I don’t know if this will qualify as “the other shoe dropping” in Boeing’s ongoing problems, but the news certainly doesn’t sound great. The Federal Aviation Administration announced yesterday that they were opening an investigation into the company after Boeing reported that workers at its South Carolina production plant had falsified inspection records on some of its new 787 Dreamliner planes. The Dreamliner has already fallen behind its original production schedule and this sort of investigation isn’t likely to help them catch up. Also, the inspection records in question sound rather important, so people will probably need to go back and run the tests again on their completed aircraft. The head of the 787 production line said that the company is taking “swift and serious corrective action with multiple teammates.” (Associated Press)

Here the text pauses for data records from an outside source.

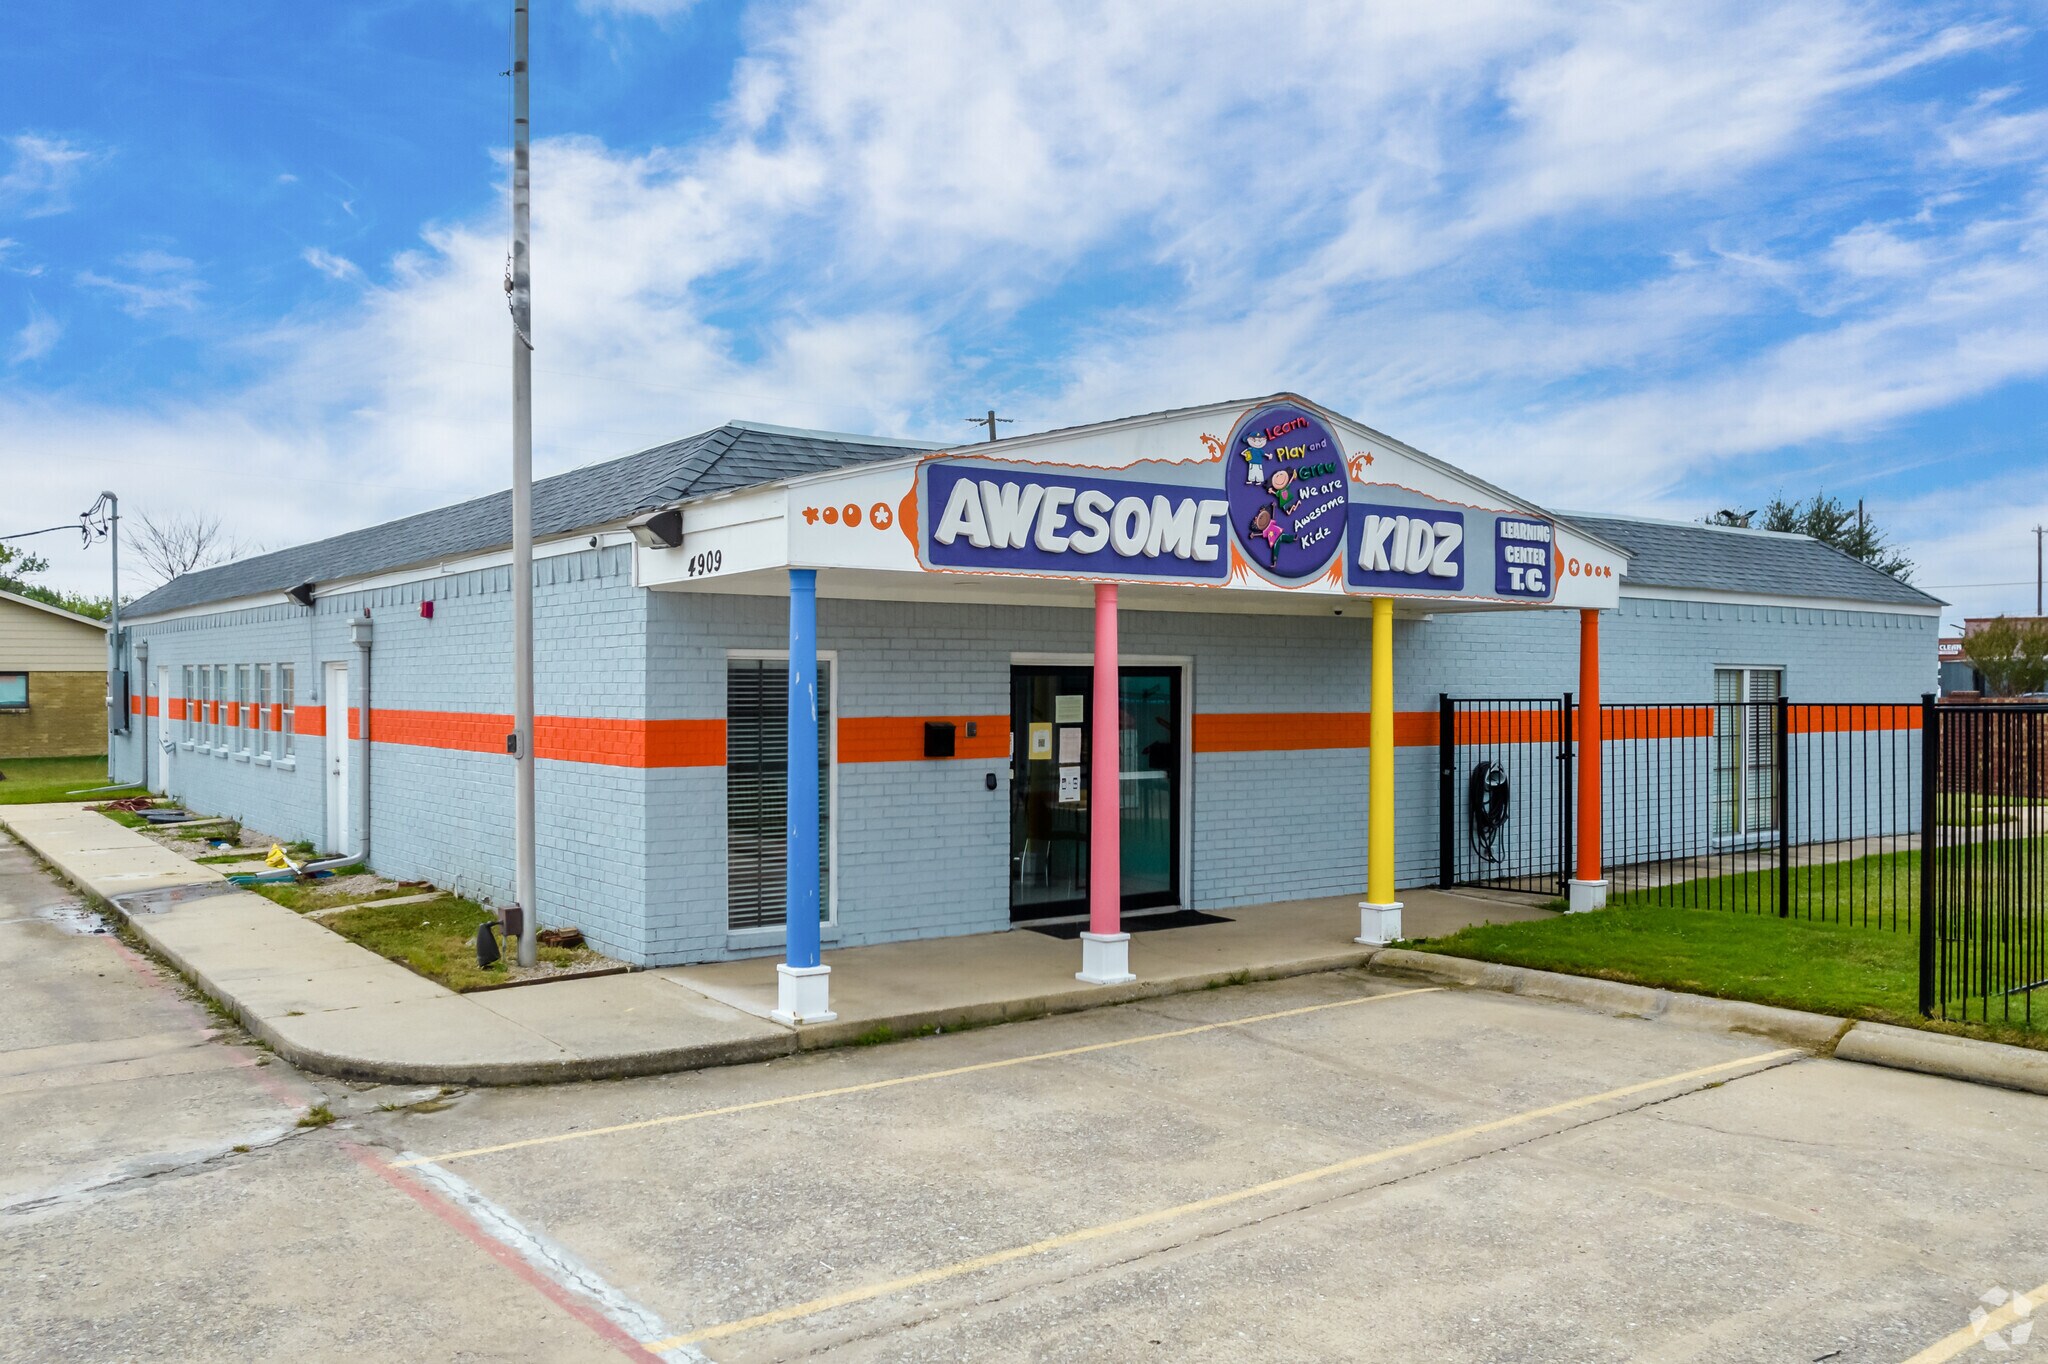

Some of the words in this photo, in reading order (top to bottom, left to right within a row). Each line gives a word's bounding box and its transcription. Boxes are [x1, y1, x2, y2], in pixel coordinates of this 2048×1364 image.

[1266, 417, 1309, 440] Learn,
[1276, 443, 1306, 463] Play
[1309, 438, 1327, 451] and
[1299, 462, 1336, 480] Grow
[1299, 486, 1318, 500] We
[1321, 479, 1343, 494] are
[1294, 496, 1344, 532] Awesome
[934, 478, 1229, 562] AWESOME
[1358, 514, 1463, 578] KIDZ
[1301, 527, 1330, 549] Kidz
[1500, 521, 1550, 542] LEARNING
[688, 550, 721, 577] 4909
[1504, 545, 1546, 566] CENTER
[1507, 567, 1546, 592] T.C.

The Federal Aviation Administration said Monday it has opened an investigation into Boeing after the beleaguered company reported that workers at a South Carolina plant falsified inspection records on certain 787 planes. Boeing said its engineers have determined that misconduct did not create “an immediate safety of flight issue.”
In an email to Boeing’s South Carolina employees on April 29, Scott Stocker, who leads the 787 program, said a worker observed an “irregularity” in a required test of the wing-to-body join and reported it to his manager.
“After receiving the report, we quickly reviewed the matter and learned that several people had been violating Company policies by not performing a required test, but recording the work as having been completed,” Stocker wrote.
The test records under discussion involved an inspection of the joint between the wing and the main body of the aircraft. I’m not an aviation design expert, but that sounds like a pretty critical component of the design since it literally holds the wings onto the plane. Based on the description Boeing provided, the inspection wasn’t being done improperly. It wasn’t being done at all. The people responsible for performing the test were apparently just skipping it and signing off saying that it was completed successfully.
This allegation is in keeping with the reports from the whistleblowers (both of whom are now dead) who claimed that Boeing prioritized getting the planes out the door as quickly as possible. Production speed was allegedly more important to them than safety. Boeing has continually denied those allegations, saying that the errors that have shown up are rare exceptions and that they encourage all of their workers to report potential safety issues and resolve them. It’s a big company, so perhaps that’s true in some places. But it doesn’t match the stories coming from the whistleblowers.
We should probably at least give some credit to Boeing for reporting this issue to the FAA voluntarily before the information became public. Or, even worse, before a wing fell off of a plane. None of the planes have been pulled from service at this point, but the FAA is directing Boeing to immediately prepare a plan to conduct these inspections on planes that are already flying and to go back and run them again on the aircraft still working through the production process. As mentioned above, this will likely slow their delivery schedule further, but it’s better than the alternative.
In other, possibly unrelated news, the families of the victims of two Boeing crashes in 2018 and 2019 have requested that the Department of Justice reopen an investigation into those incidents. There were allegations of possible criminal fraud involved. But those crashes were determined to have been caused by a fault in the planes’ software systems that made them go into a dive unexpectedly in some circumstances. That problem has allegedly been resolved and we haven’t seen any reports of the error recurring lately.
Boeing relly needs to get all of this cleared up and put it behind them. If there are many more delays in the delivery of their planes, the major airlines will need to start scaling back the number of flights they offer (again). And the delays that passengers are facing at airports these days are already too long. But the safety issues must be addressed first.